**** MATERIAL FOR THE TASK

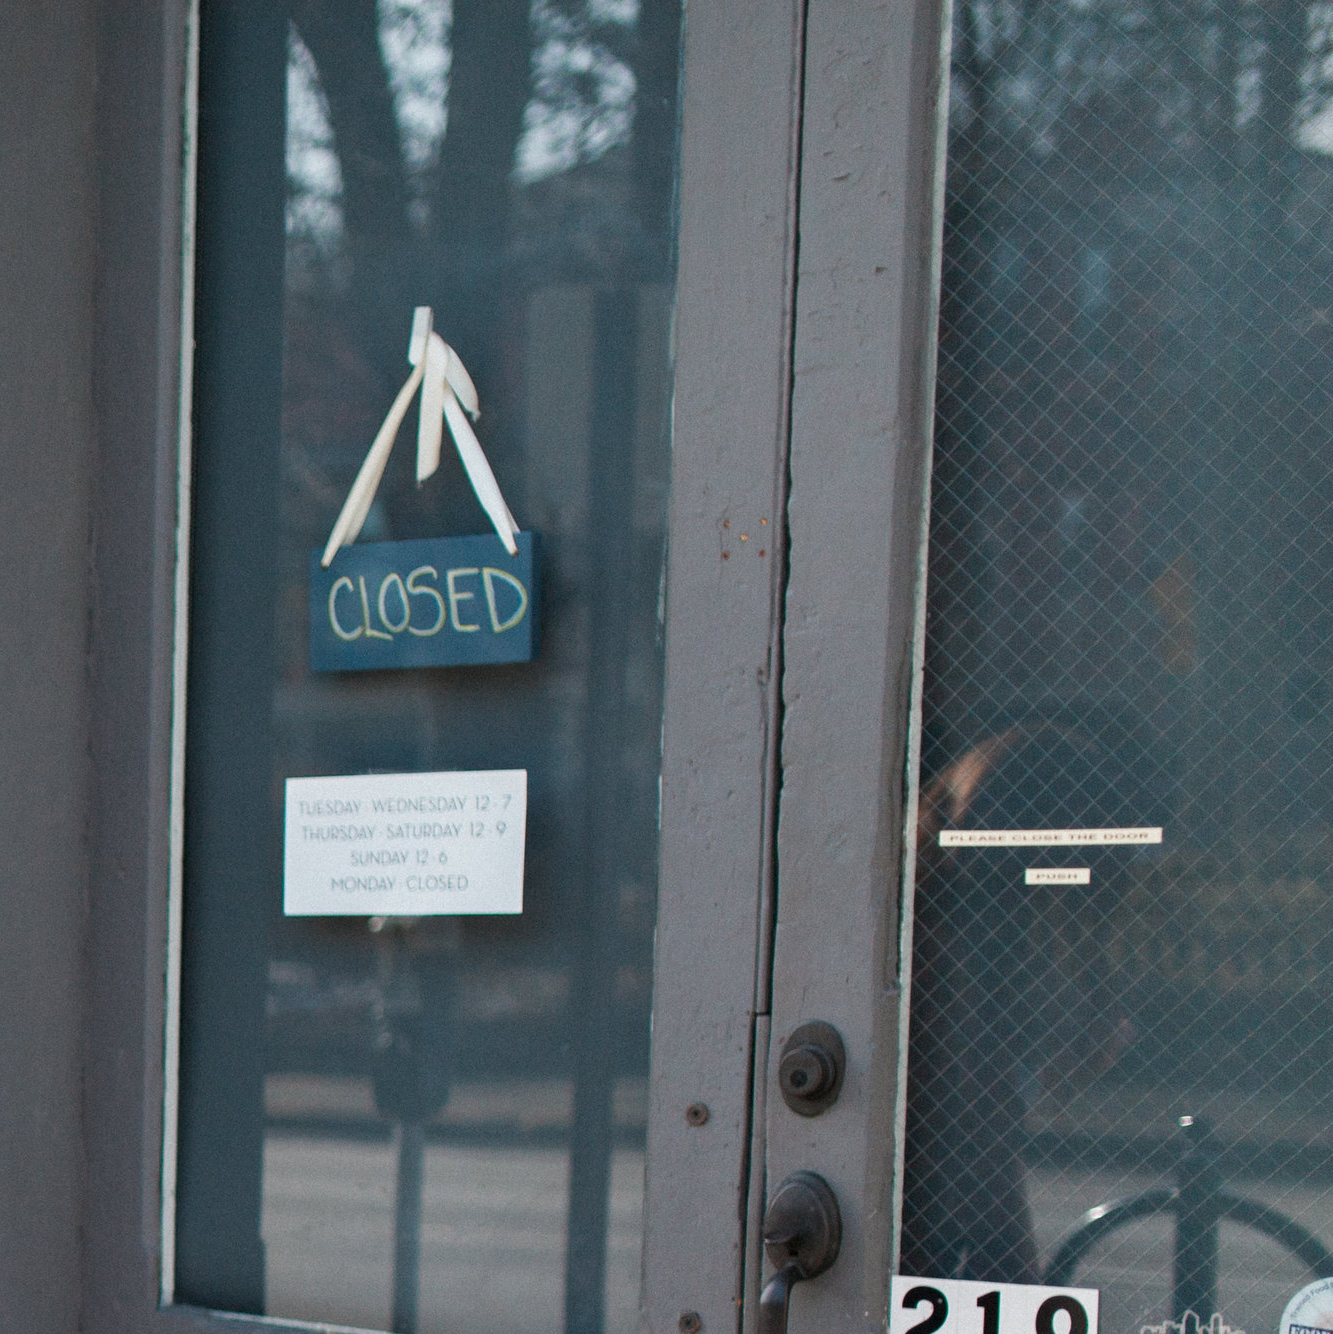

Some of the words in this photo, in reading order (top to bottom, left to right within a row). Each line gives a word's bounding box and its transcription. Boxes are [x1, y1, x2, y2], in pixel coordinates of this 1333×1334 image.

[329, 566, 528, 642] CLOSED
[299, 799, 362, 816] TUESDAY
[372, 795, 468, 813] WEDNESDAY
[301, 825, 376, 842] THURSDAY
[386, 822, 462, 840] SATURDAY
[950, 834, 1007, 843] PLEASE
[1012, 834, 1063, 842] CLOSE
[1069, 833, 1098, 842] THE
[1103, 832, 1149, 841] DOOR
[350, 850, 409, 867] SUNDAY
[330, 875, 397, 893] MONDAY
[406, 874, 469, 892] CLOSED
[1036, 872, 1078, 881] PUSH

********

Reproduce the data above in full, exactly as it is, with the pictures left out.

Some of the words in this photo, in reading order (top to bottom, left to right within a row). Each line gives a word's bounding box and its transcription. Boxes are [x1, y1, x2, y2], in pixel coordinates of this 1333×1334 image.

[329, 566, 528, 642] CLOSED
[299, 799, 362, 816] TUESDAY
[372, 795, 468, 813] WEDNESDAY
[301, 825, 376, 842] THURSDAY
[386, 822, 462, 840] SATURDAY
[950, 834, 1007, 843] PLEASE
[1012, 834, 1063, 842] CLOSE
[1069, 833, 1098, 842] THE
[1103, 832, 1149, 841] DOOR
[350, 850, 409, 867] SUNDAY
[330, 875, 397, 893] MONDAY
[406, 874, 469, 892] CLOSED
[1036, 872, 1078, 881] PUSH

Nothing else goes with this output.